[Referring expression grounding data]
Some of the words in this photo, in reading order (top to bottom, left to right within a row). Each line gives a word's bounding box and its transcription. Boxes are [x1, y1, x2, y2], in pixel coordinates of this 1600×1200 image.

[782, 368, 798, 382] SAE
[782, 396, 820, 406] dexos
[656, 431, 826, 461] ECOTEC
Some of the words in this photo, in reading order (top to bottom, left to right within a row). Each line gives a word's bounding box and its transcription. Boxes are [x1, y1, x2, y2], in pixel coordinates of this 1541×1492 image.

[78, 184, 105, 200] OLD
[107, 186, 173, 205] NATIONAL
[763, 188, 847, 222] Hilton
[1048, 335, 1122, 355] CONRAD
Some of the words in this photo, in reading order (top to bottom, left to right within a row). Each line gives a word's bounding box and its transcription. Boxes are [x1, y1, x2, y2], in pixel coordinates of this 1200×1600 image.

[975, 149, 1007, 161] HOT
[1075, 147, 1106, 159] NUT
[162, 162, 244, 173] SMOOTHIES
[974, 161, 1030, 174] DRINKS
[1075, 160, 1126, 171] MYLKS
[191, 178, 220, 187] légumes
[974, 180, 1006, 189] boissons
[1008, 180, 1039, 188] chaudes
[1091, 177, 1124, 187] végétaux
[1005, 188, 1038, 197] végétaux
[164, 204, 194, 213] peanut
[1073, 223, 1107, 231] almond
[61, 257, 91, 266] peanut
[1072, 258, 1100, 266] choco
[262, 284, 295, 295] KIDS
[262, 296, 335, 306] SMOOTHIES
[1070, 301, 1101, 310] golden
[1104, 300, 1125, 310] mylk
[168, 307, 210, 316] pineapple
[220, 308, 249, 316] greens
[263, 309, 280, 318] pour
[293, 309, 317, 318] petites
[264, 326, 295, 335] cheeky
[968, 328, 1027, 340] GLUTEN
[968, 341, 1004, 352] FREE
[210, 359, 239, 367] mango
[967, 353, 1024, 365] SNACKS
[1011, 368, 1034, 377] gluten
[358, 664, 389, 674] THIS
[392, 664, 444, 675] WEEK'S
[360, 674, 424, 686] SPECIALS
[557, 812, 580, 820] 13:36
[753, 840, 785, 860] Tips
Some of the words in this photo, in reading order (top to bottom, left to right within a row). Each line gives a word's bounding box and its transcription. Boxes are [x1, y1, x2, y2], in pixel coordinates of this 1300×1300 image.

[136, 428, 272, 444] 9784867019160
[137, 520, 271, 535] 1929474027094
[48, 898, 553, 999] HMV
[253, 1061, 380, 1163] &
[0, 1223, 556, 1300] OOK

| TASK BRIEF |
In this exercise, give every record above again exactly.

| OUTPUT OF THE EXERCISE |
Some of the words in this photo, in reading order (top to bottom, left to right within a row). Each line gives a word's bounding box and its transcription. Boxes are [x1, y1, x2, y2], in pixel coordinates of this 1600×1200 image.

[782, 368, 798, 382] SAE
[782, 396, 820, 406] dexos
[656, 431, 826, 461] ECOTEC
Some of the words in this photo, in reading order (top to bottom, left to right within a row). Each line gives a word's bounding box and its transcription. Boxes are [x1, y1, x2, y2], in pixel coordinates of this 1541×1492 image.

[78, 184, 105, 200] OLD
[107, 186, 173, 205] NATIONAL
[763, 188, 847, 222] Hilton
[1048, 335, 1122, 355] CONRAD
Some of the words in this photo, in reading order (top to bottom, left to right within a row). Each line gives a word's bounding box and its transcription. Boxes are [x1, y1, x2, y2], in pixel coordinates of this 1200×1600 image.

[975, 149, 1007, 161] HOT
[1075, 147, 1106, 159] NUT
[162, 162, 244, 173] SMOOTHIES
[974, 161, 1030, 174] DRINKS
[1075, 160, 1126, 171] MYLKS
[191, 178, 220, 187] légumes
[974, 180, 1006, 189] boissons
[1008, 180, 1039, 188] chaudes
[1091, 177, 1124, 187] végétaux
[1005, 188, 1038, 197] végétaux
[164, 204, 194, 213] peanut
[1073, 223, 1107, 231] almond
[61, 257, 91, 266] peanut
[1072, 258, 1100, 266] choco
[262, 284, 295, 295] KIDS
[262, 296, 335, 306] SMOOTHIES
[1070, 301, 1101, 310] golden
[1104, 300, 1125, 310] mylk
[168, 307, 210, 316] pineapple
[220, 308, 249, 316] greens
[263, 309, 280, 318] pour
[293, 309, 317, 318] petites
[264, 326, 295, 335] cheeky
[968, 328, 1027, 340] GLUTEN
[968, 341, 1004, 352] FREE
[210, 359, 239, 367] mango
[967, 353, 1024, 365] SNACKS
[1011, 368, 1034, 377] gluten
[358, 664, 389, 674] THIS
[392, 664, 444, 675] WEEK'S
[360, 674, 424, 686] SPECIALS
[557, 812, 580, 820] 13:36
[753, 840, 785, 860] Tips
Some of the words in this photo, in reading order (top to bottom, left to right within a row). Each line gives a word's bounding box and its transcription. Boxes are [x1, y1, x2, y2], in pixel coordinates of this 1300×1300 image.

[136, 428, 272, 444] 9784867019160
[137, 520, 271, 535] 1929474027094
[48, 898, 553, 999] HMV
[253, 1061, 380, 1163] &
[0, 1223, 556, 1300] OOK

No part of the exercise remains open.